Vapniarca

Il campo di concentramento di Vapniarca (anche Vapnyarka, Вапнярка in ucraino, Văpnearca in rumeno) fu creato nell’ottobre 1941 dal governo romeno filonazista guidato dal dittatore Ion Antonescu, durante l’invasione dell’Unione Sovietica. L’esercito rumeno, alleato delle forze dell’Asse occupò i territori della Transnistria, nell’attuale Ucraina, dove furono stabiliti numerosi campi di concentramento, detenzione e lavoro, sotto il controllo dell’esercito rumeno e la supervisione di quello tedesco.
Il campo era composto da 3 baracche a 2 piani e da una triplice recinzione di filo spinato. Primo comandante del campo fu Ion C. Murgescu.
I primi prigionieri rinchiusi nel campo nel 1941 furono un gruppo di circa 1000 ebrei provenienti da Odessa. Le dure condizioni di lavoro per il mantenimento della pulizia del campo unite alle rigide limitazioni imposte dal comando sull’uso dell’acqua, favorirono un’epidemia di tifo che provocò la morte di circa 200 prigionieri, mentre gli altri vennero sommariamente giustiziati dalla Gendarmeria romena.
Trasformato in campo per detenuti politici, fra il 1942 e il 1943 furono internati altri 1.179 cittadini Romeni e Ucraini di religione ebraica considerati simpatizzanti comunisti o socialisti. Ai prigionieri ebrei si aggiunsero altri 330 detenuti politici di varia provenienza.

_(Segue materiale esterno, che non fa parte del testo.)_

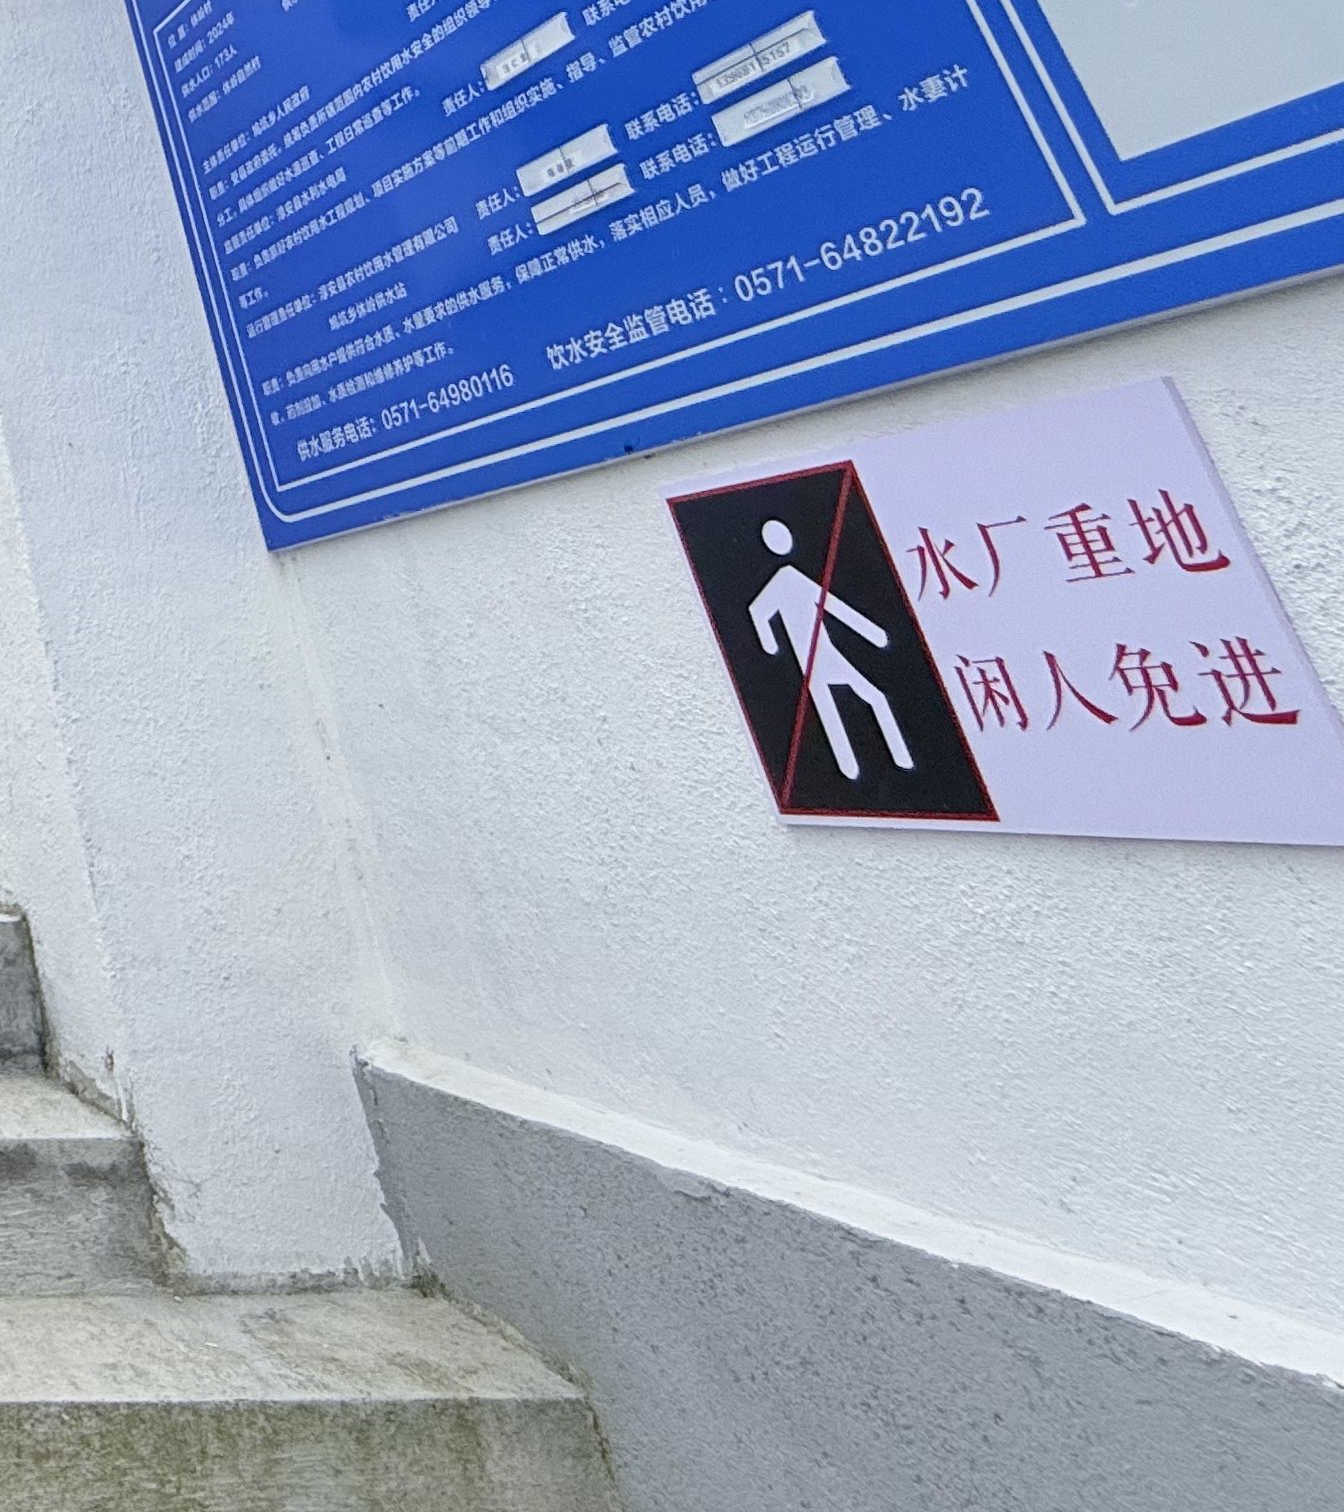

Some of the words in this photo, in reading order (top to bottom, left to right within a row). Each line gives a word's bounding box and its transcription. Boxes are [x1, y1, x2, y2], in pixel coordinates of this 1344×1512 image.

[906, 489, 1231, 601] 水厂重地
[953, 635, 1301, 733] 闲人免进

I prigionieri venivano alimentati con cibo per animali, soprattutto cicerchia, un legume dal valore nutrizionale particolarmente povero e a lungo andare anche tossico, tanto che i prigionieri, oltre all’ormai endemico tifo, svilupparono anche una sindrome caratterizzata da dolori ossei, disturbi neurologici e progressiva paralisi, diagnosticata dall’équipe medica formata dai prigionieri del campo come neurolatirismo, che causò numerose morti e lasciò postumi permanenti su numerosi individui. Ancora oggi gli studi effettuati sono considerati di grande interesse scientifico.

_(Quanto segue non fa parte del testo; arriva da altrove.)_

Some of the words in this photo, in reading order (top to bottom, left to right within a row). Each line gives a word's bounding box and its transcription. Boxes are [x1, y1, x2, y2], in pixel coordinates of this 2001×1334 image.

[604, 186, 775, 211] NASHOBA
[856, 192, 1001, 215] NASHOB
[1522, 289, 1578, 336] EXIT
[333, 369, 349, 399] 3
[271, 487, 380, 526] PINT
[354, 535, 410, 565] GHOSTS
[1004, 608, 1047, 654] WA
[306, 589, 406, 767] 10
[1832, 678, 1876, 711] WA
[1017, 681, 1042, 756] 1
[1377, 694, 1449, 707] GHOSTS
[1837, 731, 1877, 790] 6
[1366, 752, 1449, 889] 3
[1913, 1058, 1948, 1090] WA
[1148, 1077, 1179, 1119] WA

La minaccia dell’arrivo delle truppe sovietiche costrinse alla chiusura del campo nell’ottobre del 1943. L’ultimo comandante del campo, Sabin Motora (1892 – 1970), che già aveva cercato di migliorare le condizioni di vita dei prigionieri, allentando le rigide restrizioni dei precedenti comandanti, si rifiutò, correndo grande pericolo personale e contravvenendo agli ordini ricevuti, di consegnare ai tedeschi i 611 prigionieri ebrei e li condusse invece vicino al confine rumeno nel campo di Grasulovo. Nel marzo del 1944 a seguito del nuovo arrivo delle truppe sovietiche, provvide affinché i prigionieri fossero trasferiti in Bessarabia e infine a Târgu Jiu dove, sempre grazie alla protezione di Motora, sebbene ancora detenuti, non vennero più considerati prigionieri politici, ma manodopera alle dipendenze dell’esercito rumeno, condizione che presentava minori rischi e miglior trattamento. Qui rimasero fino all’agosto 1944, definitivamente liberati grazie alla deposizione di Antonescu ad opera del colpo di stato di Re Michele I di Romania che portò alla fine della alleanza con l’Asse e l’avvicinamento alle forze Alleate. Per il suo atto di coraggio e umanità, a Sabin Motora è stata insignita postuma nel 1983 l’onorificenza di “Giusto fra le nazioni”
Fra i prigionieri del campo vi fu anche Simion Bughici futuro ministro degli esteri romeno.